> PROBLEM DESCRIPTION
Pictures are to be left out, but please repeat each record exactly.

(Image-backed grounding data)
###

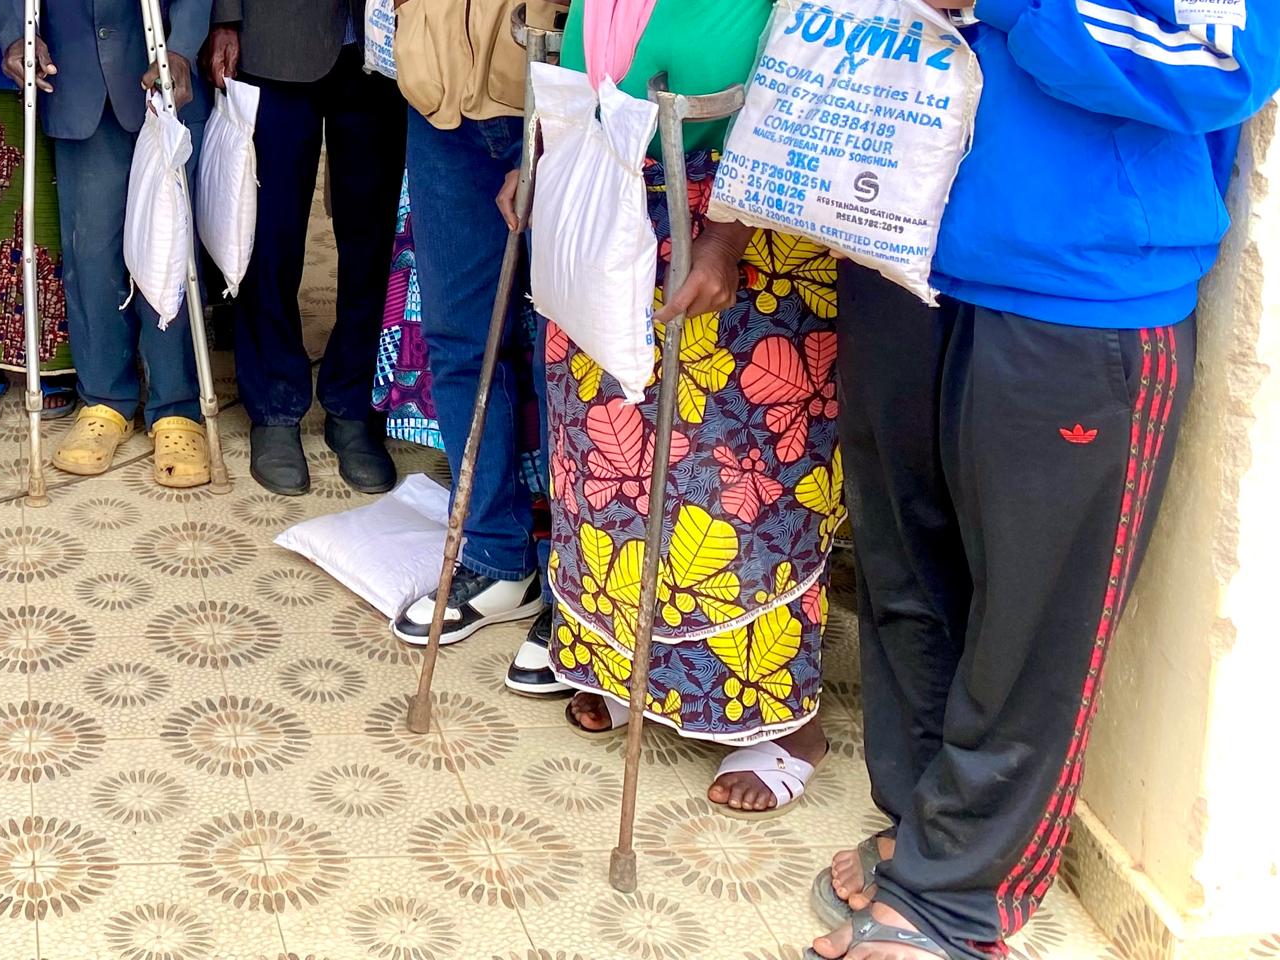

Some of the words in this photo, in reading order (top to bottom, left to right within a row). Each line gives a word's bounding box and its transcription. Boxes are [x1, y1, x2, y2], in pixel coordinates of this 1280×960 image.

[783, 2, 924, 63] SOSOMA
[925, 34, 962, 71] 2
[760, 55, 825, 88] SOSOMA
[914, 90, 951, 110] Ltd
[764, 115, 843, 145] COMPOSITE
[845, 133, 894, 155] FLOUR
[786, 149, 820, 172] 3KG
[821, 145, 846, 158] AND
[849, 152, 898, 169] SORGHUM
[744, 189, 805, 217] 24/08/27
[747, 173, 807, 202] 25/08/26
[819, 225, 871, 247] CERTIFIED
[873, 239, 930, 258] COMPANY
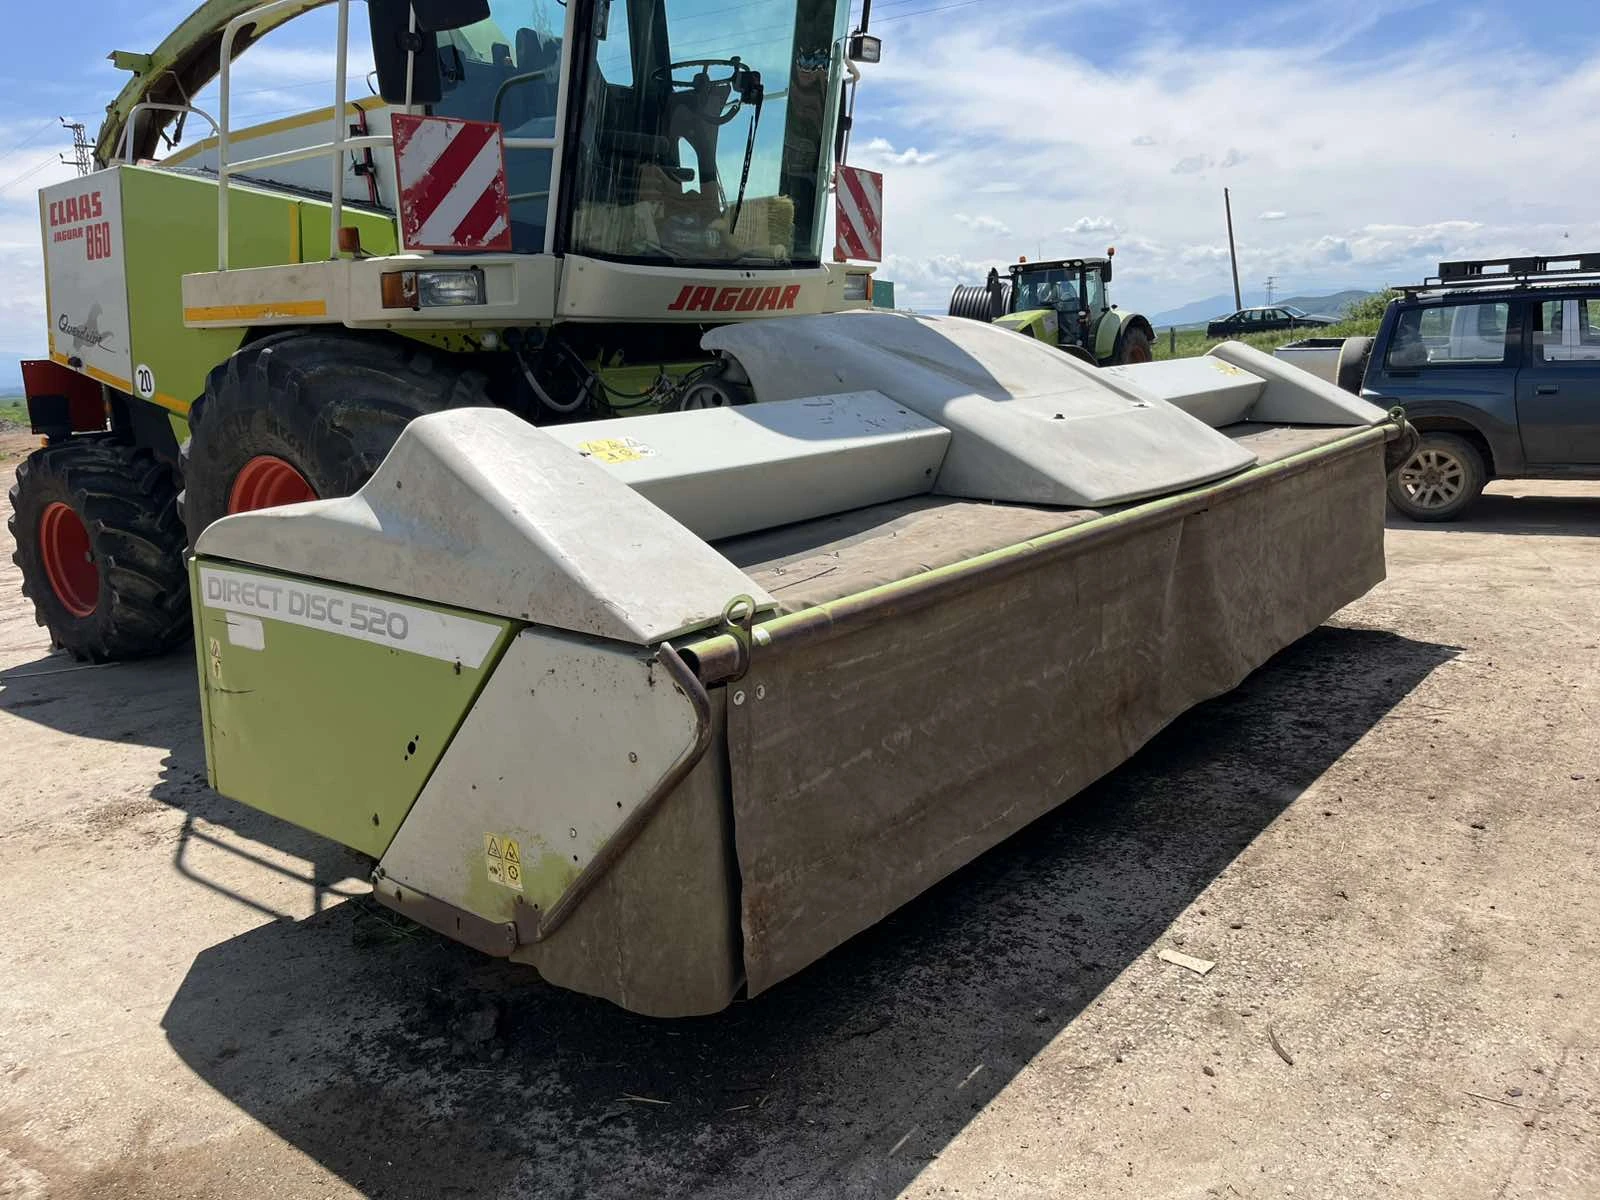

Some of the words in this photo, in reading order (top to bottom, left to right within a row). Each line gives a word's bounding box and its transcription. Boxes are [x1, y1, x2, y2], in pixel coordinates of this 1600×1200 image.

[49, 191, 102, 226] CLAAS
[54, 227, 84, 242] JAGUAR
[86, 221, 112, 260] 860
[667, 284, 801, 312] JAGUAR
[138, 370, 152, 393] 20
[206, 576, 283, 612] DIRECT
[288, 590, 344, 626] DISC
[350, 603, 409, 641] 520
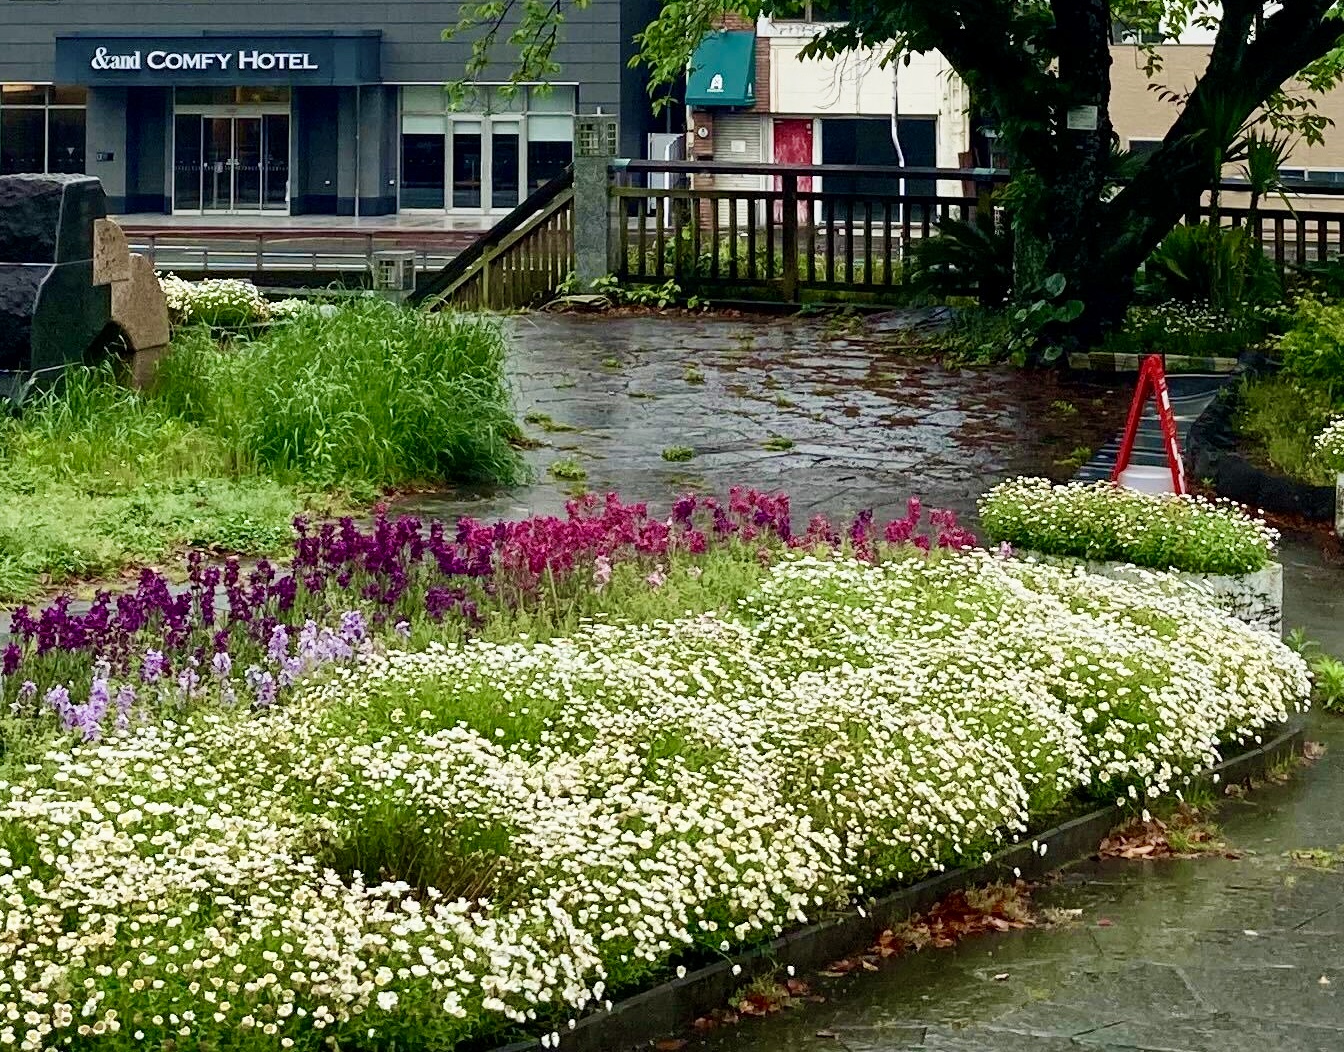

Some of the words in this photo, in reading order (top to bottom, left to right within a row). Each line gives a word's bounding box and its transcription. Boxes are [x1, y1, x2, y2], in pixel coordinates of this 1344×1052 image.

[91, 46, 141, 70] &and
[146, 50, 233, 70] COMFY
[238, 49, 319, 70] HOTEL

###

> ANSWER TO THIS TASK
Some of the words in this photo, in reading order (top to bottom, left to right within a row). Each line gives a word's bounding box and its transcription. Boxes are [x1, y1, x2, y2], in pixel coordinates of this 1280×960 image.

[783, 2, 924, 63] SOSOMA
[925, 34, 962, 71] 2
[760, 55, 825, 88] SOSOMA
[914, 90, 951, 110] Ltd
[764, 115, 843, 145] COMPOSITE
[845, 133, 894, 155] FLOUR
[786, 149, 820, 172] 3KG
[821, 145, 846, 158] AND
[849, 152, 898, 169] SORGHUM
[744, 189, 805, 217] 24/08/27
[747, 173, 807, 202] 25/08/26
[819, 225, 871, 247] CERTIFIED
[873, 239, 930, 258] COMPANY

Some of the words in this photo, in reading order (top to bottom, left to right within a row). Each line gives a word's bounding box and its transcription. Boxes are [x1, y1, x2, y2], in pixel coordinates of this 1600×1200 image.

[49, 191, 102, 226] CLAAS
[54, 227, 84, 242] JAGUAR
[86, 221, 112, 260] 860
[667, 284, 801, 312] JAGUAR
[138, 370, 152, 393] 20
[206, 576, 283, 612] DIRECT
[288, 590, 344, 626] DISC
[350, 603, 409, 641] 520

Some of the words in this photo, in reading order (top to bottom, left to right within a row). Each line gives a word's bounding box and its transcription. Boxes are [x1, y1, x2, y2], in pixel coordinates of this 1344×1052 image.

[91, 46, 141, 70] &and
[146, 50, 233, 70] COMFY
[238, 49, 319, 70] HOTEL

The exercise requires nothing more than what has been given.